== Directions for this task ==
Every line in the material below that includes "RADIO" should be copied.
---- Provided information
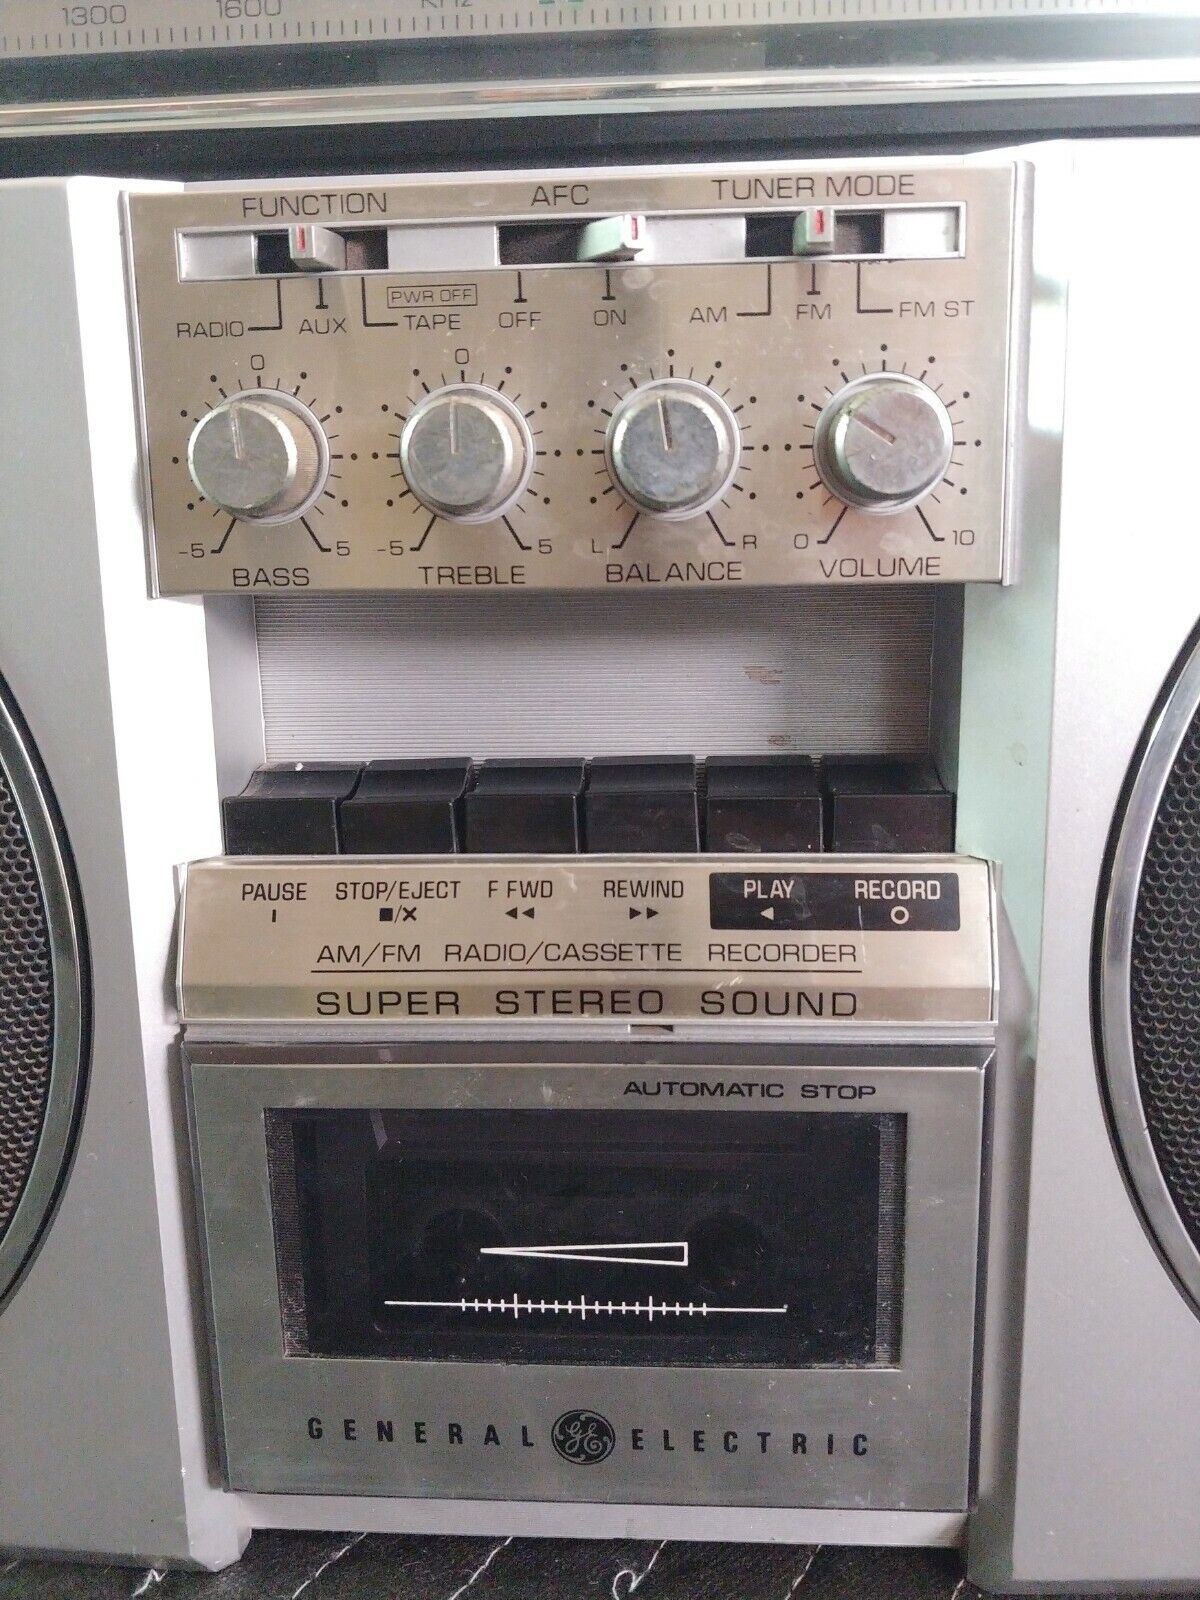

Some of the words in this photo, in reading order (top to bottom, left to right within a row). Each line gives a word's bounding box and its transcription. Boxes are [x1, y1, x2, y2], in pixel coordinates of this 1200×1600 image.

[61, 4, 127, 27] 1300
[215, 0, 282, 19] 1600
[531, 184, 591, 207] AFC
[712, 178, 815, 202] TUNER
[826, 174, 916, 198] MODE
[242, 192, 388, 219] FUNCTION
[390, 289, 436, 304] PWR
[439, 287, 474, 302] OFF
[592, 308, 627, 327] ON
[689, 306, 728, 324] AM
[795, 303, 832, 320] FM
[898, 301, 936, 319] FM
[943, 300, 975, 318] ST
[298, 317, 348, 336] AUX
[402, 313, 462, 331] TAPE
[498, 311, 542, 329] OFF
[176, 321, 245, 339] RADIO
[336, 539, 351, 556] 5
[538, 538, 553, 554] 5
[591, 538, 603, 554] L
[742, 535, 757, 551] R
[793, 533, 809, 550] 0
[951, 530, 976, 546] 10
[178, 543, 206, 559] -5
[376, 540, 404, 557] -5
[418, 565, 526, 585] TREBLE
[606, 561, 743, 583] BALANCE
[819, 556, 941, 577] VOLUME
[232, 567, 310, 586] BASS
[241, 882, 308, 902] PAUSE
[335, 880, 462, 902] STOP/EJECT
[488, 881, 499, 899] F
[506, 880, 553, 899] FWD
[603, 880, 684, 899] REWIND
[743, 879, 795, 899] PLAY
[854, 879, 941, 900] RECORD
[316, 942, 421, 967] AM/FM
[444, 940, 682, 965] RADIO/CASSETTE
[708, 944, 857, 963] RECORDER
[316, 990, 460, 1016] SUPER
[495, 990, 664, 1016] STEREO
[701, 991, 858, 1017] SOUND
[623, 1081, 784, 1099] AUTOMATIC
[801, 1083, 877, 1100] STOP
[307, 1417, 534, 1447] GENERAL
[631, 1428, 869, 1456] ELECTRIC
--------
== Exercise response ==
[176, 321, 245, 339] RADIO
[444, 940, 682, 965] RADIO/CASSETTE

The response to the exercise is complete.